4 Timeline: HB 1223 introduced by Delegate Feldman in 2008 to require licensing of debt settlement companies, impose fee caps and to provide certain disclosures (result: interim study); HB 1269 introduced by Delegate Bobo in 2009 to prohibit debt settlement companies from operating in Maryland (result: unfavorable report); HB 392 introduced in the House by Delegate Vaughn to cap fees at 15% of savings, prohibit up front fees and require certain disclosures (result: subject study effective July 1, 2010); FTC finalized proposed amendments to the Telemarketing Sales Rule on July 29, 2010; Workgroup agreed to postpone meeting until after FTC finalized the amendments; Workgroup met on September 23, 2010; Feedback/comments from participants solicited and included in report to be released on or before December 1, 2010.
5 FTC Final Rule: Purpose: to protect consumers from deceptive or abusive practices in the telemarketing of debt relief services Amendments proposed: August 19, 2009 Final Rule adopted: July 29, 2010 Final Rule effective date: September 27, 2010 (except § 310.4(a)(5) effective October 27 th )
6 16 C.F.R. Part 310 Prohibits debt relief service providers from collecting a fee for services until a debt has been settled, altered, or reduced; Requires certain disclosures in calls marketing debt relief services and prior to entering into an agreement; Prohibits specific misrepresentations about material aspects of the services; and Extends coverage to include inbound calls made in response to general media advertisements; Applies only to for-profit sellers of debt relief services No general attorney exemption, except: – (1) the TSR applies only to providers who use interstate telemarketing; – (2) providers who meet face-to-face with their customers before signing them up are likely exempt.
7 “Debt Relief Service” Defined by the FTC Final rule as: any service or program represented, directly or by implication, to renegotiate, settle, or in any way alter the terms of payment or other terms of the debt between a person and one or more unsecured creditors or debt collectors, including but not limited to, a reduction in the balance, interest rate, or fees owed by a person to an unsecured creditor or debt collector.
8 Debt Management v. Debt Settlement: Debt Management: consumer pays all debts in full by working with credit counselor to enter an agreement with creditors to pay debts, typically through a payment plan pursuant, to certain concessions by the creditors. Debt Settlement: consumers settle debts by making lump sum payments, typically after saving for an extended, period for less than the full amount of outstanding balance.

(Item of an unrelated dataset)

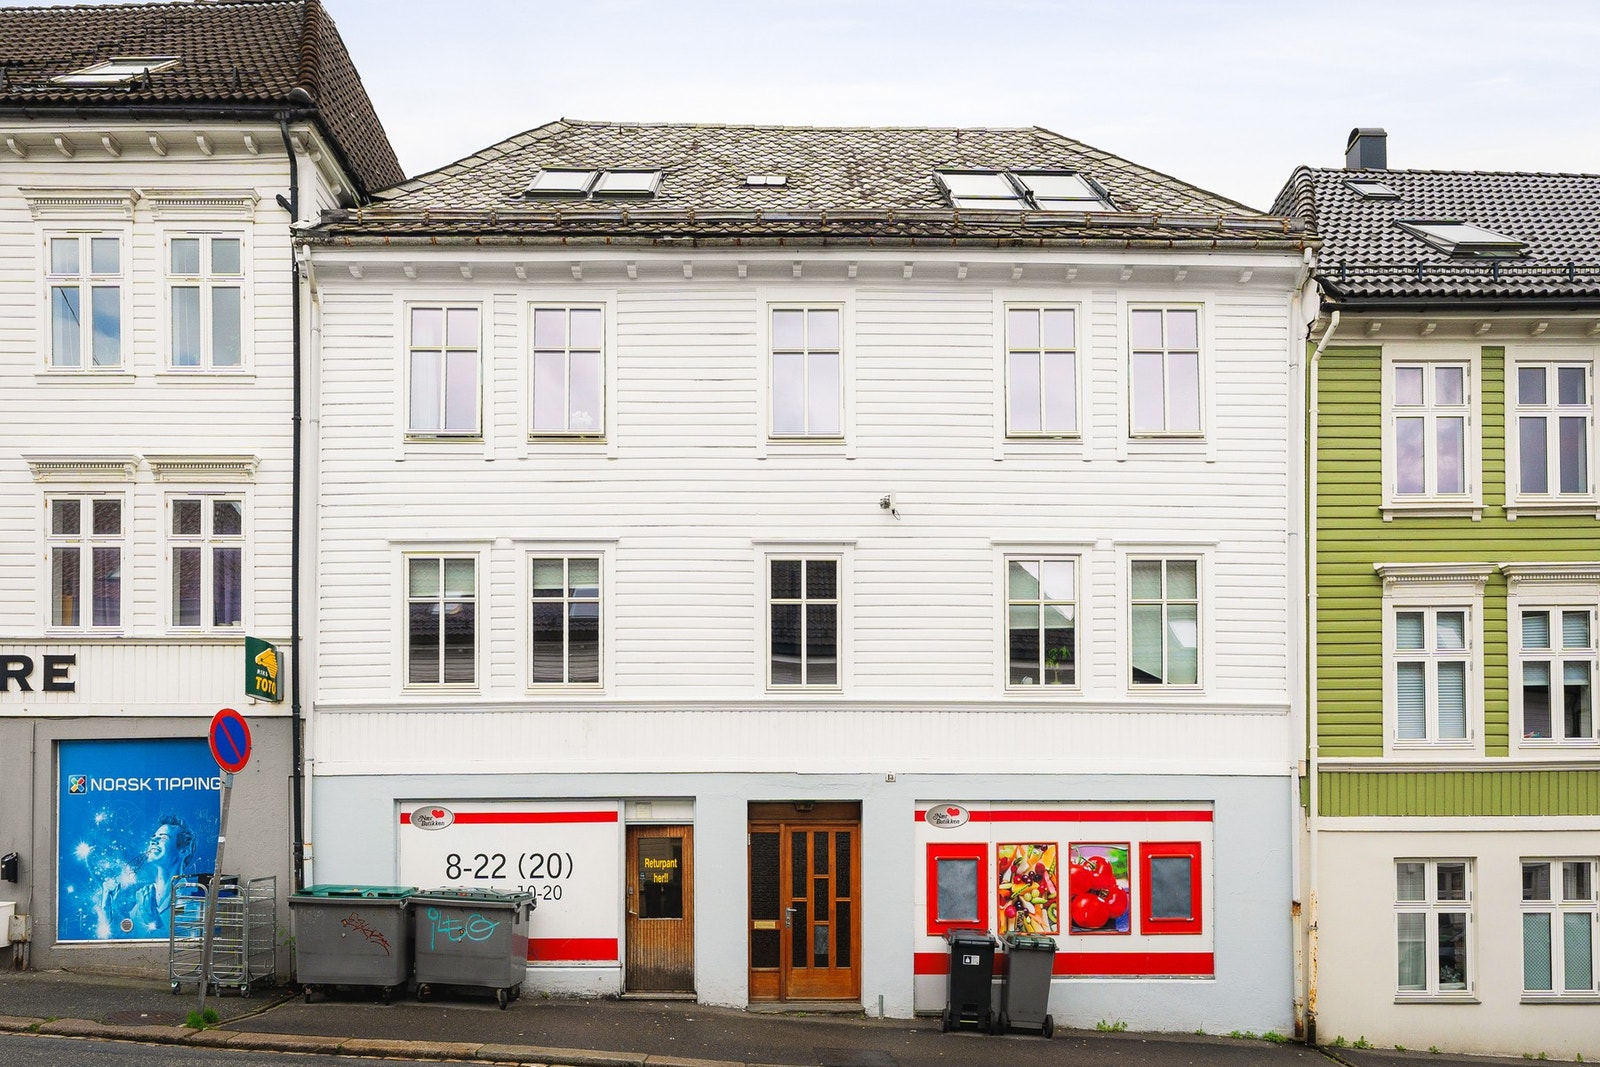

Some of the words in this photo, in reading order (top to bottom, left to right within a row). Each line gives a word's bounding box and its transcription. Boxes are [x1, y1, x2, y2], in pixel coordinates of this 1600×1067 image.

9 Advance Fee Ban: Prohibits providers from charging or collecting fees until they have provided the debt relief services, but (1) permits such fees as individual debts are resolved, and (2) allows providers to require customers to place funds for the provider’s fee and for payment to the consumer’s creditors in a dedicated bank account that meets five specified criteria. The advance fee ban explicitly sets forth three conditions that must be met before a seller may charge a fee upon settling a consumer’s debt: – (1) consumer must execute a debt relief agreement with the creditor; – (2) consumer must make at least 1 payment pursuant to the agreement; and – (3) fee must be proportional either to the fee charged for the entire debt relief service (if the provider uses a flat fee structure) or a percentage of savings achieved (if the provider uses a contingency fee structure). Other than the proportional or percentage limitation, the FTC Rule does not place any limitations on the amount of the fees charged.
10 Disclosures/Advertising: FTC Rule requires 4 specific disclosures: 1.the amount of time it will take to obtain the promised debt relief; 2.with respect to debt settlement services, the amount of money or percentage of each outstanding debt that the customer must accumulate before provider will make a bona fide settlement offer; 3.if the debt relief program entails not making timely payments to creditors, a warning of the specific consequences thereof; and 4.if the provider requests or requires the customer to place funds in a dedicated bank account, that the customer owns the funds held in the account and may withdraw from the debt relief service at any time without penalty, and receive all funds remitted to the account; Disclosure must be made prior to entering into the debt settlement agreement
11 Disclosures/Advertising: The FTC Rule prohibits misrepresentations about material aspects of debt relief services, including success rates and a provider’s nonprofit status. Savings claims in advertising must be based on actual experience of all customers, including those who dropped out or failed to complete the program. Additionally, savings claims must: – Base the savings on the amount of debt enrolled at the beginning of the program; – Include the impact of fees on the claimed savings; and Include all debts enrolled, not just those that were settled successfully.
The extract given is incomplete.